Collage féministe
Un collage féministe est un moyen d'expression militant, consistant à coller sur les murs de l'espace public des messages féministes. Ce mode d'action est particulièrement utilisé afin de dénoncer les féminicides et violences sexistes et sexuelles, à travers l'action directe ou des collectifs le plus souvent autonomes et organisés en non-mixité ou en mixité choisie.
En France cet activisme est apparu à partir de 2016, sous forme de tags et d'affiches sobres,sous forme de collages de feuilles A4, et de s'étendre à plusieurs autres villes du monde. Cette forme d'activisme a été popularisé par le collectif Collages contre les féminicides, cofondé par marguerite Stern.
Concept
Les collages prennent la forme de phrases aux lettres noires inscrites sur des feuilles blanches et collées sur les murs[1] d'immeubles ou de maisons[2], parfois à des endroits jugés stratégiques[3]. Ils sont conçus pour attirer l'attention, faire réagir et sensibiliser le public aux violences faites aux femmes[4], plus particulièrement aux violences sexistes, sexuelles, mais aussi familiales et pédocriminelles[5].
Ils sont réalisés par des groupes de colleuses autonomes, généralement organisés en non-mixité ou en mixité choisie sans homme cisgenre[2] - [6]. Les participantes sont libres de créer leurs propres slogans[2], même s'ils peuvent être ensuite discutés au sein des groupes[5].
Histoire
En France, un collectif anonyme de femmes féministes, Insomnia, se lance en 2016 dans des actions de taggage et d'affichage pour dénoncer spécifiquement les propos sexistes, les féminicides et violences contre les femmes.

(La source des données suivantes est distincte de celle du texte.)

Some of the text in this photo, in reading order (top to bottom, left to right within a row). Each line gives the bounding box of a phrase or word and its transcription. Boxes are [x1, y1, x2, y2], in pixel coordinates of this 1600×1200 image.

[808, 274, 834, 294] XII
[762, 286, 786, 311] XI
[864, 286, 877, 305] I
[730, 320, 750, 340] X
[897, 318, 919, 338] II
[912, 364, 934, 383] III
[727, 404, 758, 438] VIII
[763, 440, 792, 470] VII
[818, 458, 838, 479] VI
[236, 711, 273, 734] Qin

Les affiches dénonçant les féminicides sont alors caractérisées par leur sobriété[7] - [8] - [9] - [10] - [11] - [12] - [13] - [14] - [15] - [16].

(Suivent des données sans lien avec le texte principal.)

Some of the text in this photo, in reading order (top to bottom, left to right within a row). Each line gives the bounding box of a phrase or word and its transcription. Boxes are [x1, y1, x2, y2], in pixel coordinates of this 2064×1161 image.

Les premiers collages féministes sous la forme de lettres noires sur fond blanc apparaissent en février 2019 à Marseille, à l'initiative de Marguerite Stern, militante féministe et ancienne Femen[3]. Son premier slogan dénonce la sexualisation de son corps par les hommes depuis son adolescence. En mars 2019, à la suite de l'assassinat de Julie Douib, Marguerite Stern réalise son premier collage dédié à un féminicide. Elle continue les collages à Marseille, avant d'aller à Paris et de les y importer[6] - [17]. En août 2019, le collectif Collages Féminicides Paris est créé. Marguerite Stern dit s'être retirée du collectif après un mois, en continuant à coller seule[18]. En , une divergence au sein des colleuses se manifeste : en réaction à un collage « Des sisters pas des cis terfs » du collectif Collages Féminicides de Montpellier, Marguerite Stern critique la place prise par les femmes trans dans le mouvement féministe et nie leur identité de femmes. Le collectif Collages Féminicides de Paris se désolidarise de ce point de vue, jugé transphobe[19], et il affirme ses positions en faveur de l'inclusivité et de l'intersectionnalité[6] - [20].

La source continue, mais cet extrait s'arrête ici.